I spoke to Jörg, the slightly lesser of two evils.  I first enquired about the opening of the Shu’mata Camp. Jörg and Marlies were off to Germany for a holiday in a few weeks and wouldn’t be back until nearly Christmas.  I was told it would be opened after that.  So, not weeks after my arrival, months after.  I could nearly have put up with the place a bit longer, especially if Jörg and Marlies were going to be away, if there had been any elephants that I could observe and learn about, but there are none in the region near Hatari.  I told Jörg that I found the atmosphere in the lodge to be stifling and unacceptably racist.  I told him I had wanted to come to Tanzania to see elephants, not to work for a German Neo-Colonialist, eat German food and listen to stories of how great the German’s who’d lived in the area had been.  He said he appreciated my honesty and would arrange a permit for me so that I could leave.  I was pleasantly surprised with how it had all gone.  Walking away from him that afternoon, I was delighted.  I was smiling for the first time in days.
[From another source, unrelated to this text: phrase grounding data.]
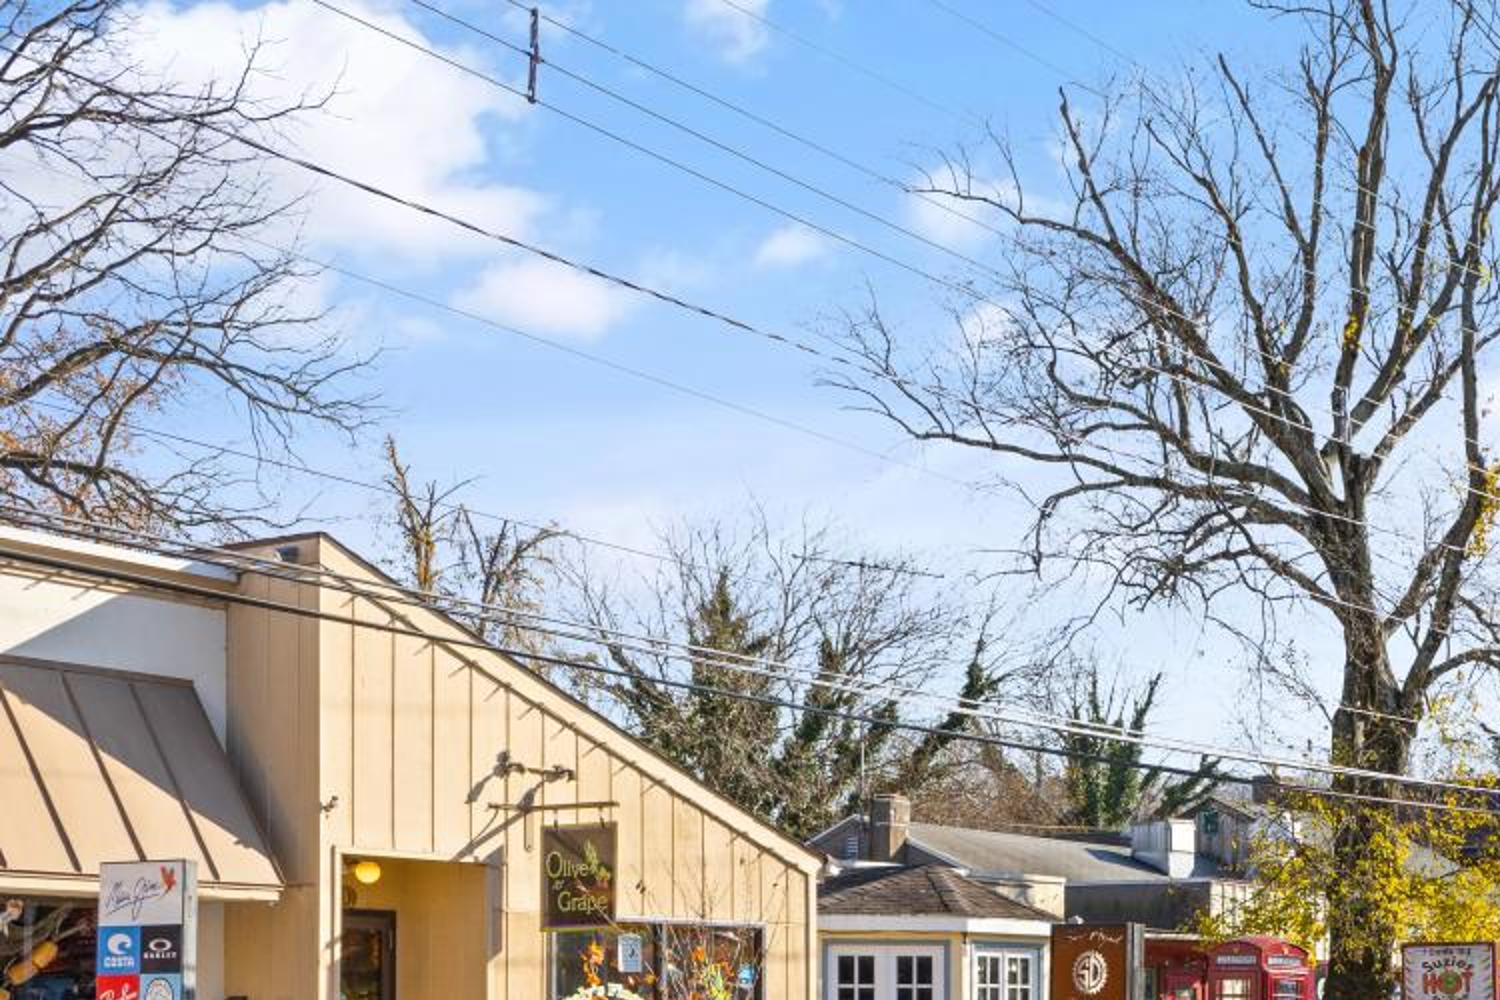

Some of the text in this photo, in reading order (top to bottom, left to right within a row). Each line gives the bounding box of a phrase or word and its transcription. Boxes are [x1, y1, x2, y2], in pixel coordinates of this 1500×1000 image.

[545, 851, 589, 879] Olive
[557, 891, 609, 915] Grape
[103, 956, 135, 969] COSTA
[1423, 971, 1474, 995] HOT
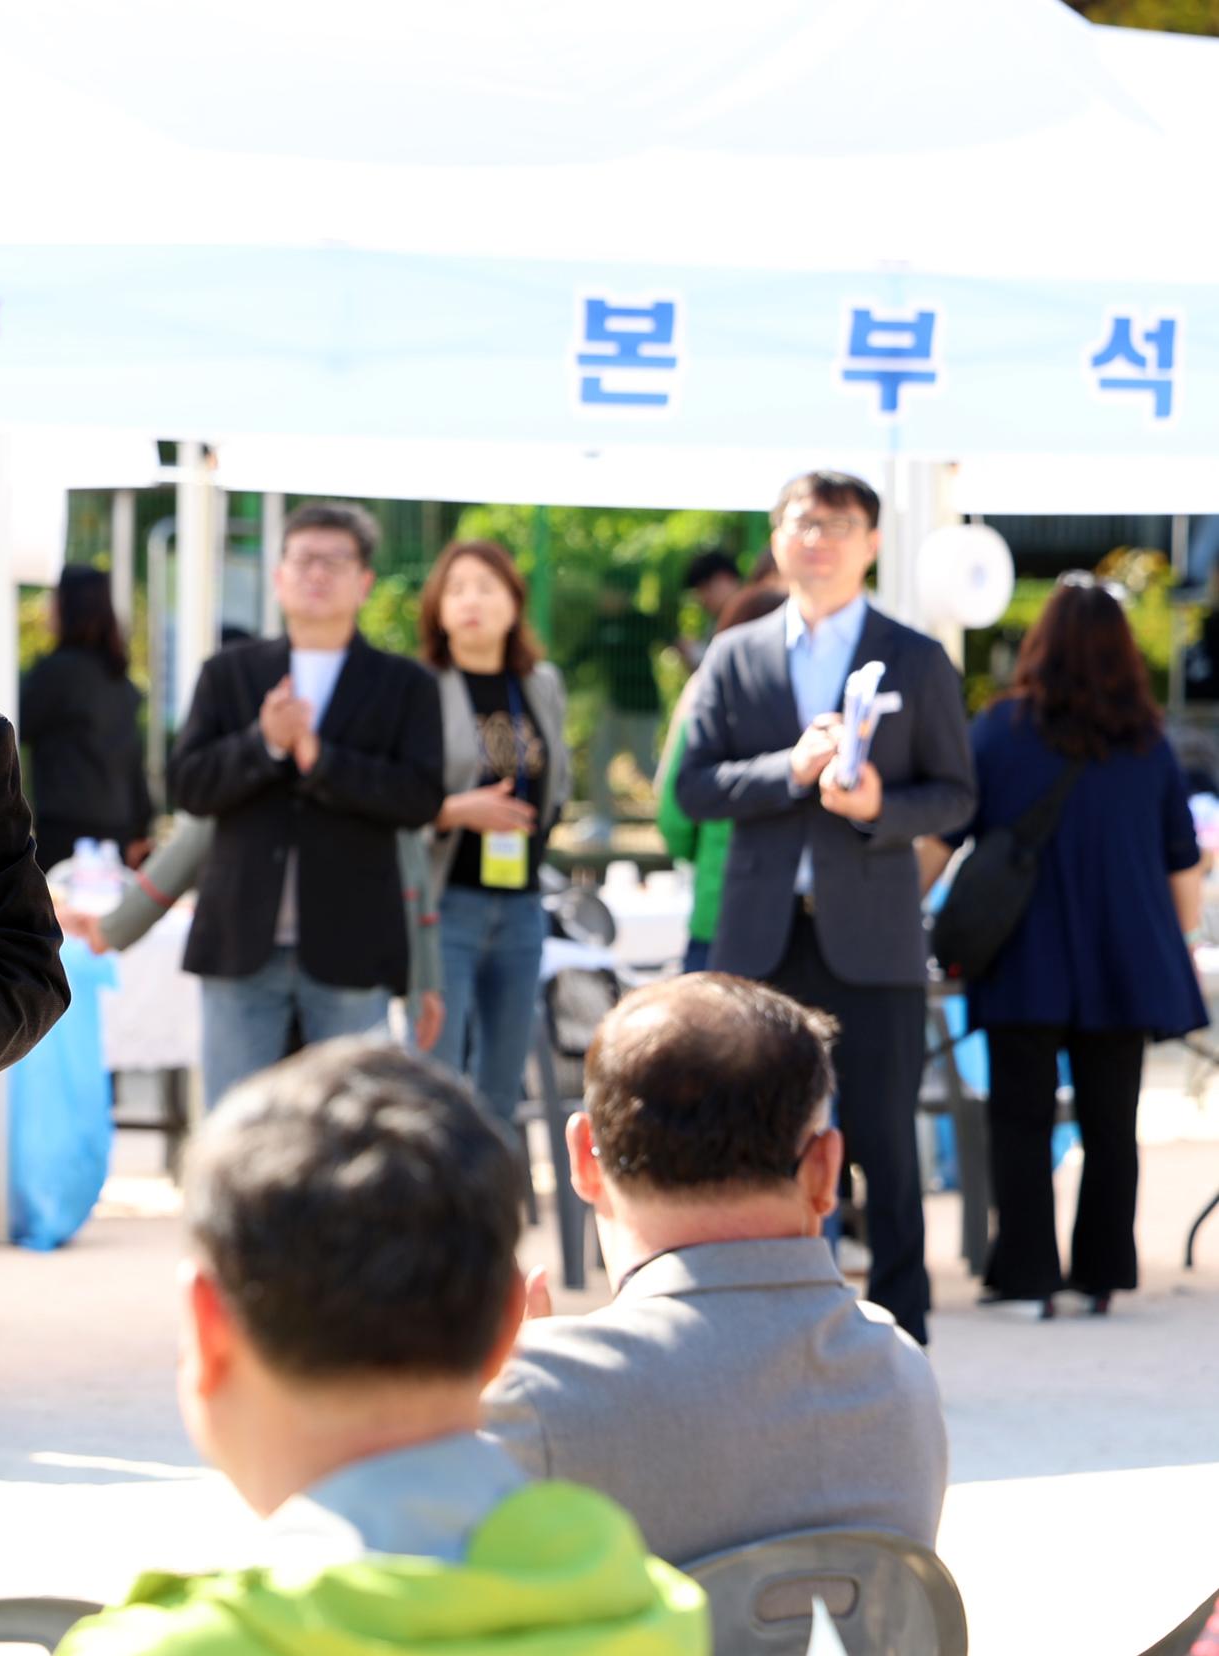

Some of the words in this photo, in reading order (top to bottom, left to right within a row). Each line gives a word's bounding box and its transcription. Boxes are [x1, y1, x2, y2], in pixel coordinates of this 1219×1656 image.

[576, 299, 678, 406] 본
[842, 309, 937, 412] 부
[1092, 318, 1177, 418] 석
Until then, I hadn’t realised quite how much the place was getting in on me.  I had made the right decision.

I was due to leave on a Tuesday morning with the truck that went into Arusha for supplies each week.  Jörg said he'd arrange my permit.  However, on Monday night back at the yellow house, Nicci asked if I had my permit.  When I told her Jörg was sorting it out she shouted at me not to be so stupid and that of course he wasn't going to arrange it for me and least of all, pay for it.  Then she said I'd better not delay the truck in the morning and stormed off to her room.  I was left frantically trying to pack and wondering if I'd ever be out of this hell hole.  Luckily, and by total coincidence, Kate’s mum was coming to visit the next day and I was able to grab a lift to Arusha with her.

After I left, I heard that as soon as I told 
Jörg I wanted to leave, Marlies told all the other staff not to let me use the phone or the computers to help me plan my onward journey.  She told the staff that I had been fired because I was trying to instigate an affair with her husband. Nothing could have been further from the truth!

I have now heard of over 30 others, some I know from my time there and some that I don’t, both locals and Europeans, who have fled the place in a similar fashion to me, all reporting mistreatment and severe racism as their reasons for leaving.  The friend I mentioned at the beginning, is one of the lucky ones.  He is a trained wildlife guide and mountaineer.  He is brimming with enthusiasm and refused to let these nasty people bring him down.  He left Hatari some time ago and is now in the final stages of starting his own company. His website is due to go live any day now.  However, there are many others still there. They are still suffering under the oppressive command of Marlies and Jörg Gabriel, but with virtually no other employment in the area, they stick it out in order to be close to their families.